+++ Data for processing

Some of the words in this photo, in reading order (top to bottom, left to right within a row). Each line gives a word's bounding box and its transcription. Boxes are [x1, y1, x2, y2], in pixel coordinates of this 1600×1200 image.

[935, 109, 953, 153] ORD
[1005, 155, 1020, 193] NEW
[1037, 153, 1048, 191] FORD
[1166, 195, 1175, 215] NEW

++++++

## Work to be completed
Restate all of the entries above precisely.

## Answer to this problem
Some of the words in this photo, in reading order (top to bottom, left to right within a row). Each line gives a word's bounding box and its transcription. Boxes are [x1, y1, x2, y2], in pixel coordinates of this 1600×1200 image.

[935, 109, 953, 153] ORD
[1005, 155, 1020, 193] NEW
[1037, 153, 1048, 191] FORD
[1166, 195, 1175, 215] NEW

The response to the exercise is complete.